Task prompt ->
Exact copies of all the lines below are required, with the pictures omitted.

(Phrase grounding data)
---

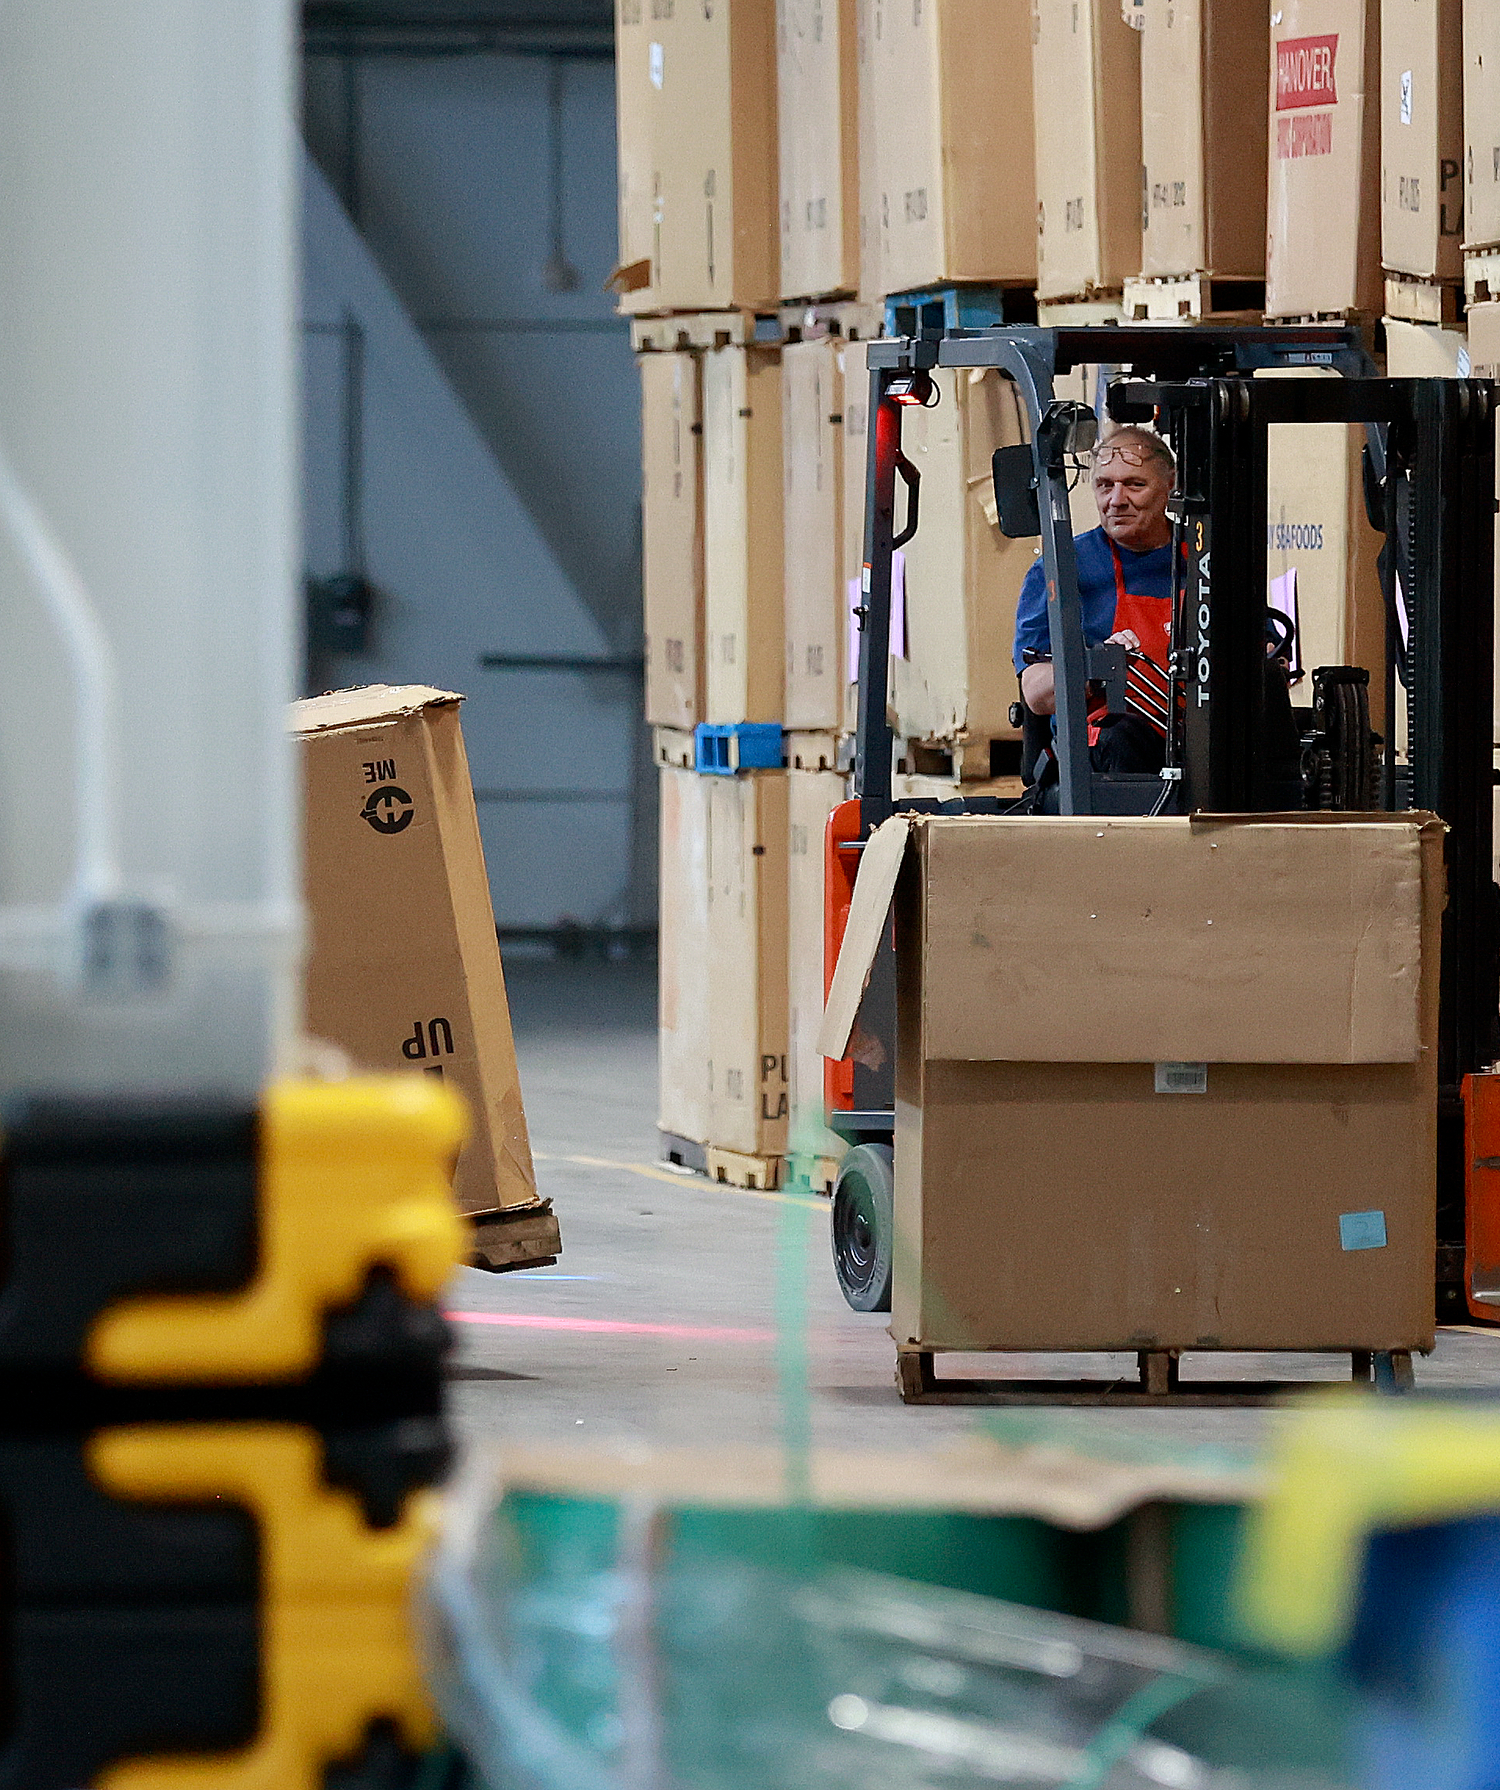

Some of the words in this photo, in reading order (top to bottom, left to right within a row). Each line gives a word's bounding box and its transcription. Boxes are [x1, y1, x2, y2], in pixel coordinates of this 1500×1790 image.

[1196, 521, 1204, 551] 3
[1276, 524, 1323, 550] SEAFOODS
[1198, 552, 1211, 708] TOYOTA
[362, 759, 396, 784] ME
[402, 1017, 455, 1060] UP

---

Reply ->
Some of the words in this photo, in reading order (top to bottom, left to right within a row). Each line gives a word's bounding box and its transcription. Boxes are [x1, y1, x2, y2], in pixel coordinates of this 1500×1790 image.

[1196, 521, 1204, 551] 3
[1276, 524, 1323, 550] SEAFOODS
[1198, 552, 1211, 708] TOYOTA
[362, 759, 396, 784] ME
[402, 1017, 455, 1060] UP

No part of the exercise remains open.